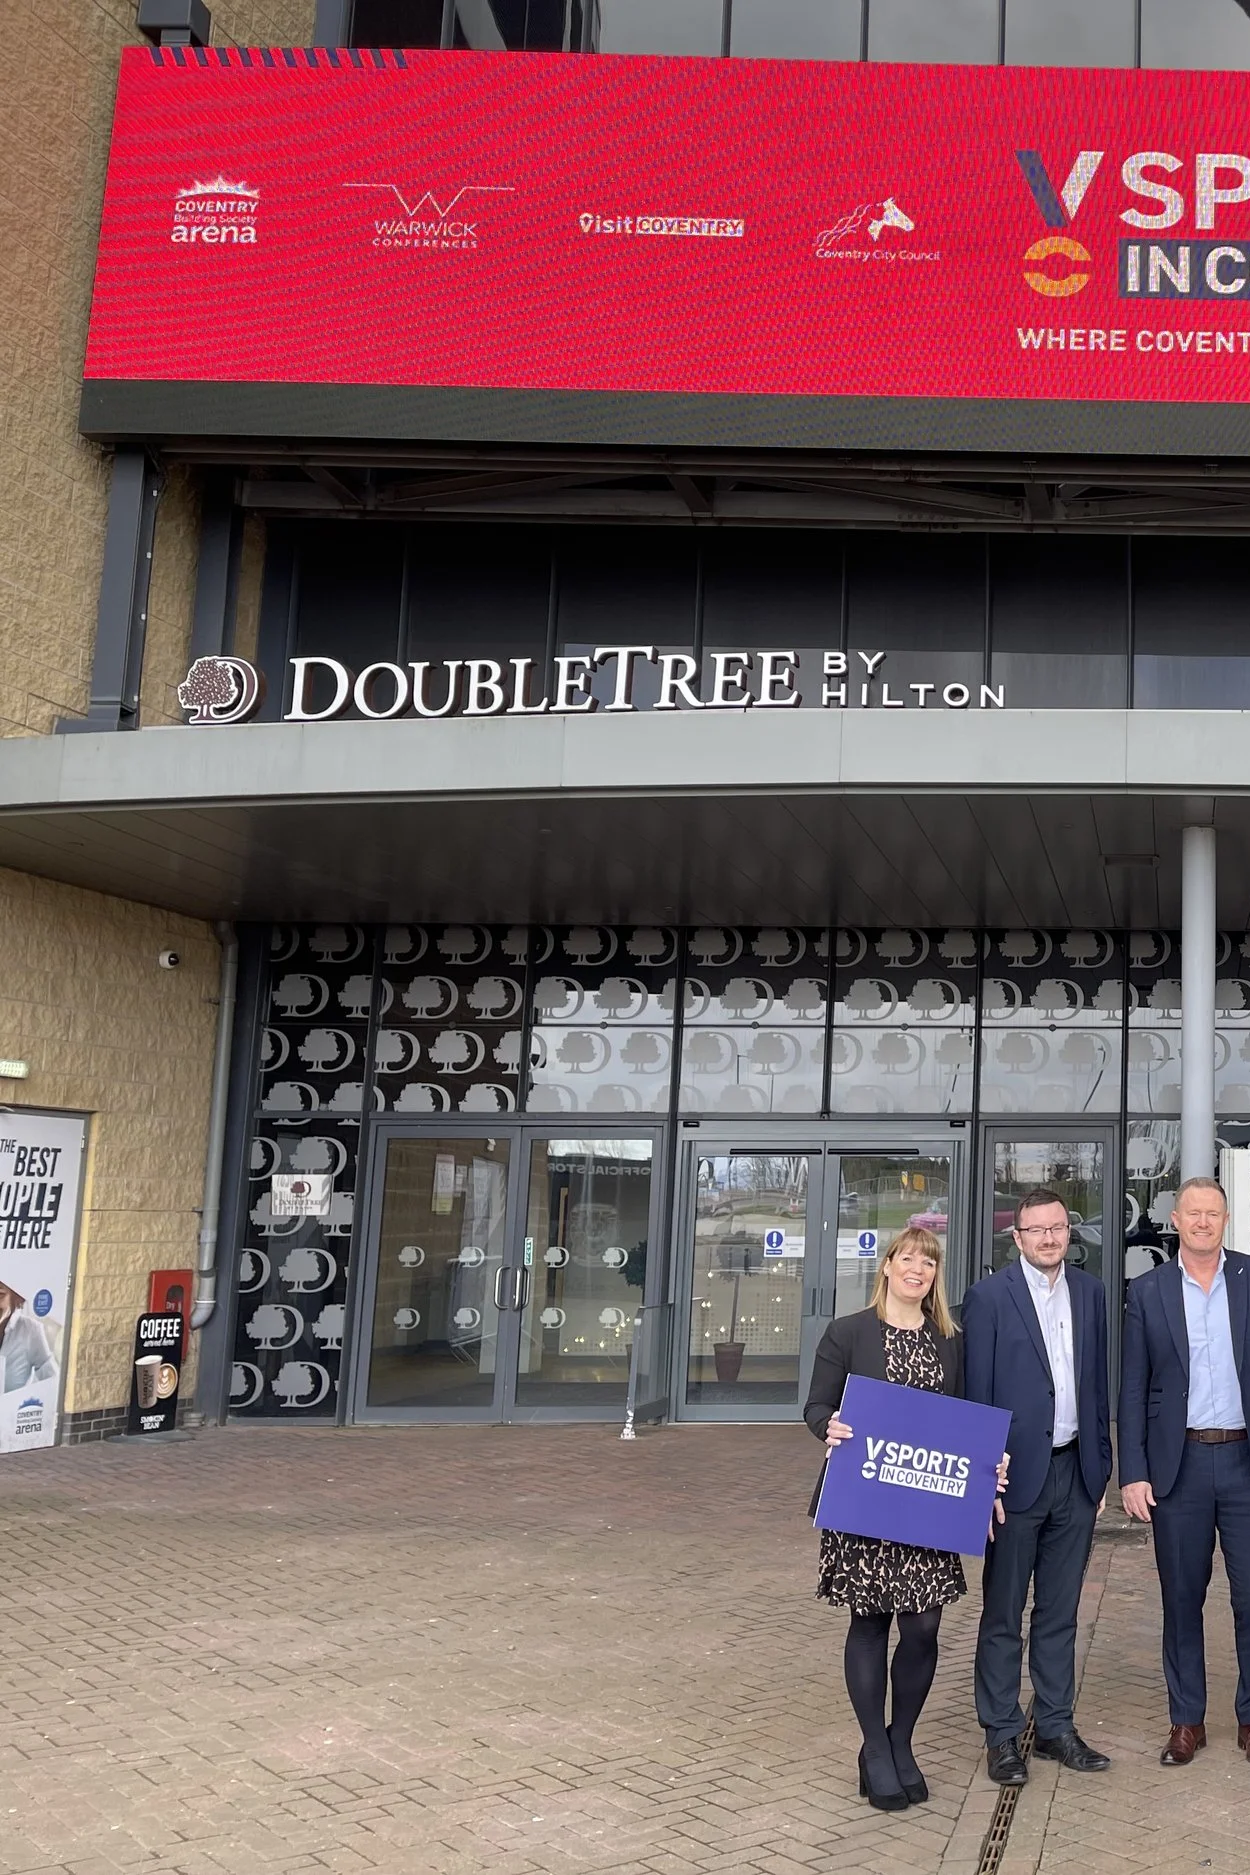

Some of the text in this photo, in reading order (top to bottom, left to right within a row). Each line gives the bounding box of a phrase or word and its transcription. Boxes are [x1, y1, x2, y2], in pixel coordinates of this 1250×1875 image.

[175, 201, 258, 213] COVENTRY
[220, 214, 257, 225] Society
[374, 220, 478, 237] WARWICK
[578, 212, 742, 236] Visit COVENTRY
[171, 225, 257, 243] arena
[372, 237, 477, 248] CONFERENCES
[816, 248, 940, 263] Coventry City Council
[1126, 245, 1191, 294] IN
[1017, 328, 1128, 352] WHERE
[823, 651, 887, 676] BY
[822, 682, 1005, 709] HILTON
[0, 1139, 17, 1153] THE
[13, 1146, 62, 1178] BEST
[3, 1219, 51, 1250] HERE
[140, 1318, 181, 1339] COFFEE
[15, 1423, 42, 1435] arena
[883, 1442, 970, 1480] SPORTS
[881, 1465, 965, 1495] IN COVENTRY

----

▶ _Your instructions_
What's needed is every line above, retyped exactly and free of pictures.

▶ _Written response_
Some of the text in this photo, in reading order (top to bottom, left to right within a row). Each line gives the bounding box of a phrase or word and its transcription. Boxes are [x1, y1, x2, y2], in pixel coordinates of this 1250×1875 image.

[175, 201, 258, 213] COVENTRY
[220, 214, 257, 225] Society
[374, 220, 478, 237] WARWICK
[578, 212, 742, 236] Visit COVENTRY
[171, 225, 257, 243] arena
[372, 237, 477, 248] CONFERENCES
[816, 248, 940, 263] Coventry City Council
[1126, 245, 1191, 294] IN
[1017, 328, 1128, 352] WHERE
[823, 651, 887, 676] BY
[822, 682, 1005, 709] HILTON
[0, 1139, 17, 1153] THE
[13, 1146, 62, 1178] BEST
[3, 1219, 51, 1250] HERE
[140, 1318, 181, 1339] COFFEE
[15, 1423, 42, 1435] arena
[883, 1442, 970, 1480] SPORTS
[881, 1465, 965, 1495] IN COVENTRY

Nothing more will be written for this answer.